[Date Prev][Date Next][Thread Prev][Thread Next][Date Index][Thread Index]

Re: svn commit: r1198930 - in /httpd/httpd/trunk: include/mod_core.h server/core.c server/main.c

> Am 03.08.2018 um 13:34 schrieb Yann Ylavic <ylavic.dev@xxxxxxxxx>:
> On Fri, Aug 3, 2018 at 12:45 PM, Yann Ylavic <ylavic.dev@xxxxxxxxx> wrote:
>> On Fri, Aug 3, 2018 at 11:46 AM, Ruediger Pluem <rpluem@xxxxxxxxxx> wrote:
>>>> +    ap_init_rng(ap_pglobal);
>>> With APR trunk used this now causes httpd to SEGFAULT in EVP_cleanup
>>> when it stops in case mod_ssl is loaded. This is because mod_ssl
>>> stored data in Openssl data structures that points to it (likely
>>> static data in mod_ssl), but it gets unloaded due to the pconf pool
>>> cleanup before the crypto_lib_cleanup runs EVP_cleanup as it is a
>>> cleanup on the parent pool ap_pglobal.

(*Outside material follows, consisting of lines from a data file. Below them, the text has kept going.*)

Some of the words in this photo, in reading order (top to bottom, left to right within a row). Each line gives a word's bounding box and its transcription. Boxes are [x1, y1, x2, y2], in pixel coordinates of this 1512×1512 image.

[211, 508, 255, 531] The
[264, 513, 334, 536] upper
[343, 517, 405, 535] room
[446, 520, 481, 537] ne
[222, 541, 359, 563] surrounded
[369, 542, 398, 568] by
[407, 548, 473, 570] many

>> Ouch, ISTM that mod_ssl should cleanup what it owns after itself.
>> Any idea which static data (or code/callbacks) in mod_ssl are still pointed to?
> Hmm, while all the libcrypto part is initialized in APR, the libssl
> one is (used in) mod_ssl only, so SSL_load_error_strings() and
> SSL_library_init() are scoped to mod_ssl but not de-inited with pconf.

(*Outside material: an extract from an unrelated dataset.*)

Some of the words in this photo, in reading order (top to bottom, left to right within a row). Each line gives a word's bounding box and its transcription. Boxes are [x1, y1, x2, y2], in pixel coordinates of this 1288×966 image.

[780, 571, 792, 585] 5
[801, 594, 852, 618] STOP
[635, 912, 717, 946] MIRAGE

> I'm not sure there is a way to de-init them (and only them)...
> Possibly apr_crypto_lib_init() should be able to init libssl too (optionally).

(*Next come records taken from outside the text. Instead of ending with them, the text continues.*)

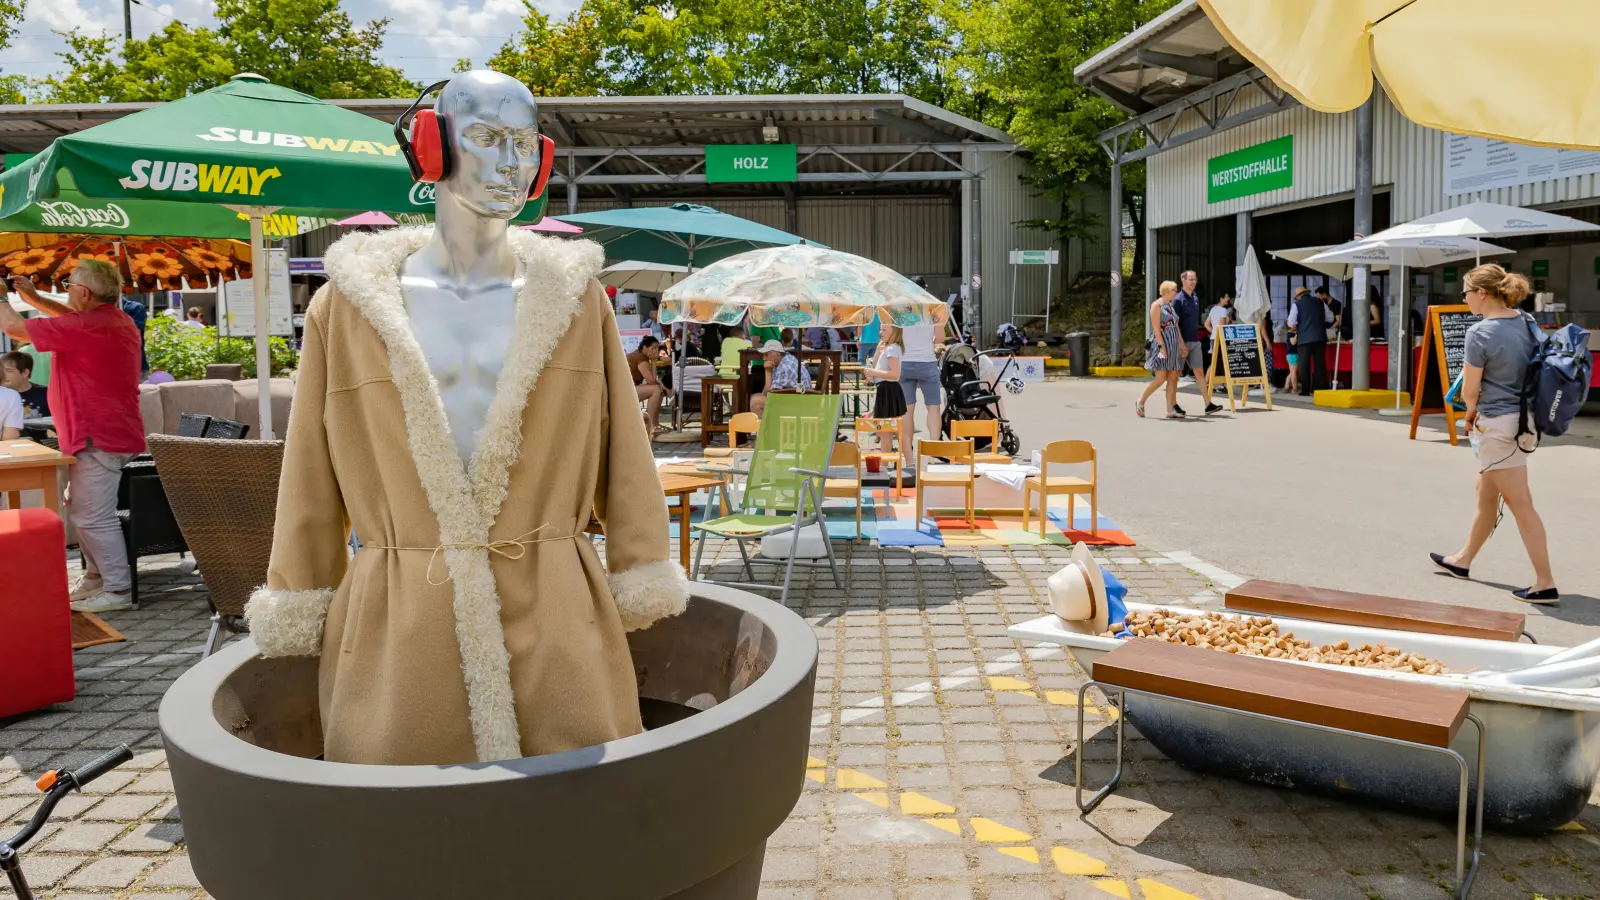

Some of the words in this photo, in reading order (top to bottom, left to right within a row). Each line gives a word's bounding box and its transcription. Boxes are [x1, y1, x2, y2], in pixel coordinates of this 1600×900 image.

[196, 127, 400, 157] SUBWAY
[118, 159, 282, 196] SUBWAY
[733, 157, 769, 169] HOLZ
[1212, 154, 1288, 187] WERTSTOFFHALLE
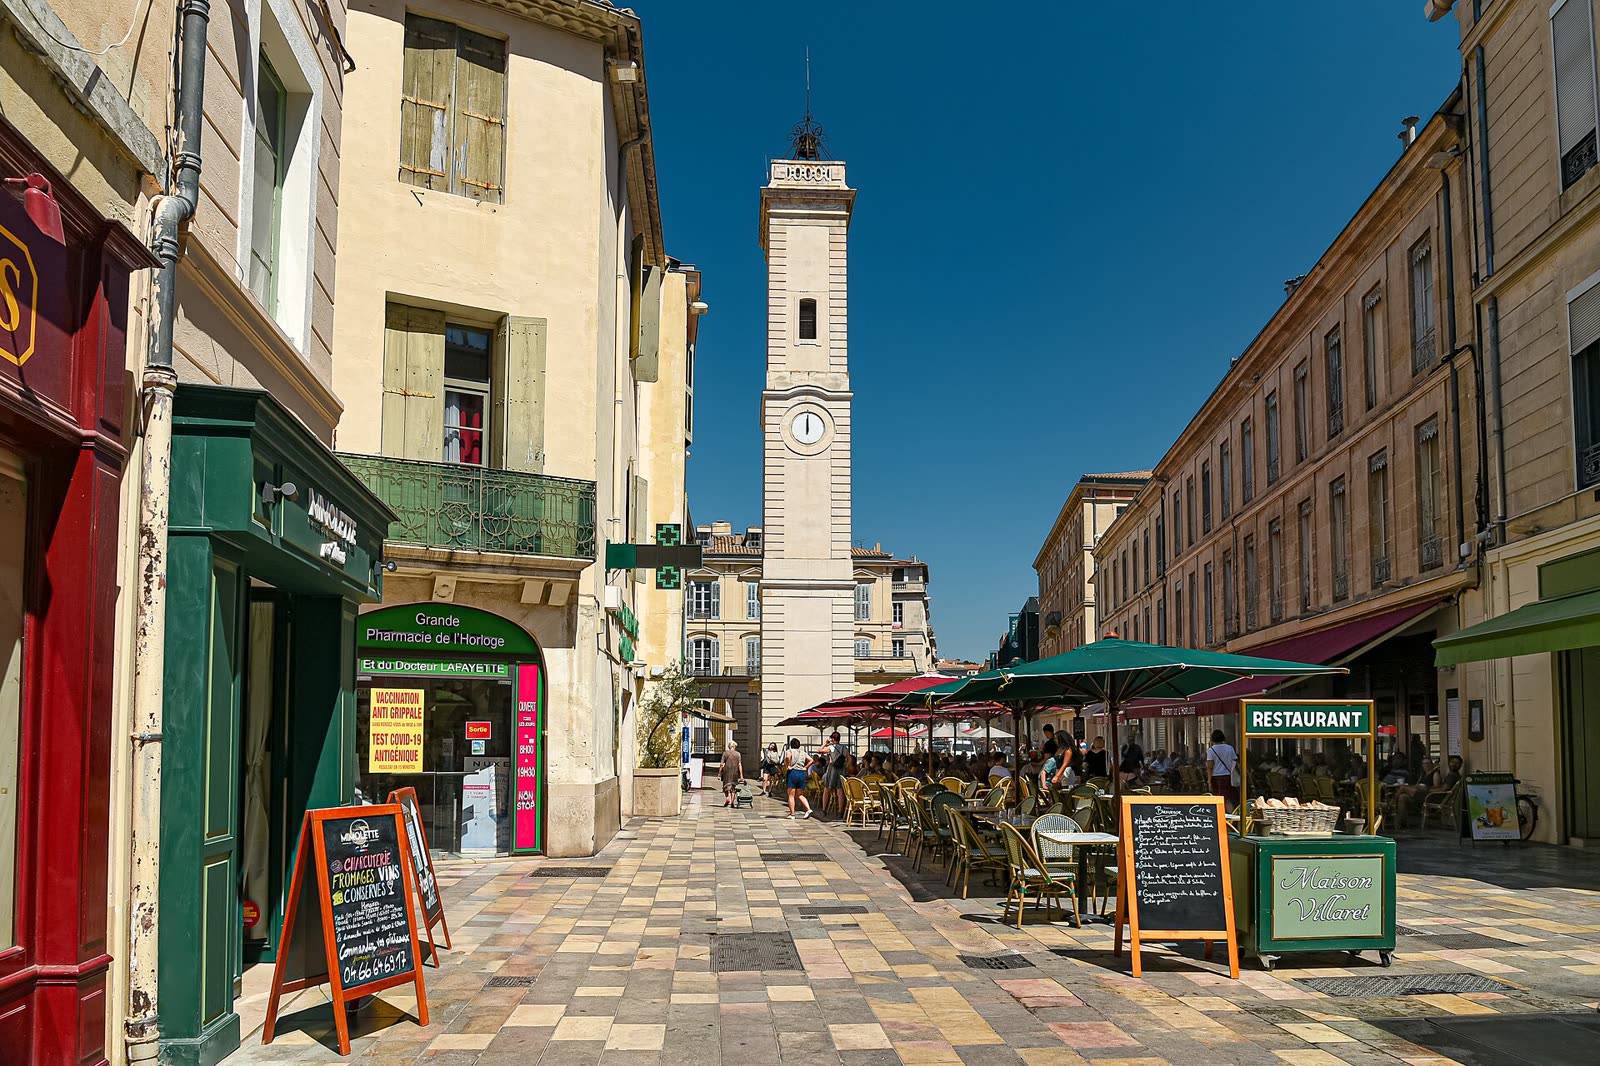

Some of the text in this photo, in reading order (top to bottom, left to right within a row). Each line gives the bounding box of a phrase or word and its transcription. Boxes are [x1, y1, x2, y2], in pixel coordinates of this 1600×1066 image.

[415, 613, 460, 626] Grande
[366, 628, 505, 649] Pharmacie de l'Horloge
[363, 659, 505, 673] Et du Docteur LAFAYETTE
[375, 692, 420, 704] VACCINATION
[372, 707, 422, 719] ANTI GRIPPALE
[518, 701, 536, 712] OUVERT
[1252, 711, 1363, 728] RESTAURANT
[372, 733, 422, 746] TEST COVID-19
[374, 746, 419, 762] ANTIGÉNIQUE
[517, 766, 535, 777] 19H30
[518, 790, 533, 800] NON
[516, 799, 535, 810] STOP
[340, 829, 380, 842] MIMOLETTE
[332, 869, 375, 889] FROMAGES
[1280, 865, 1372, 890] Maison
[343, 882, 386, 904] CONSERVES
[1288, 894, 1370, 922] Villaret

Never looked at it before. How is the abstraction in apr_crypto supposed to manage 
the lifetime of the components? E.g. when calling apr_crypto_prng_init() 
one ties the whole openssl crypto's lifetime to the pool given there?

Does everyone check for APR_EREINIT? And if it comes, what is one supposed to do?
Is a reference counting de-allocation not better fitting?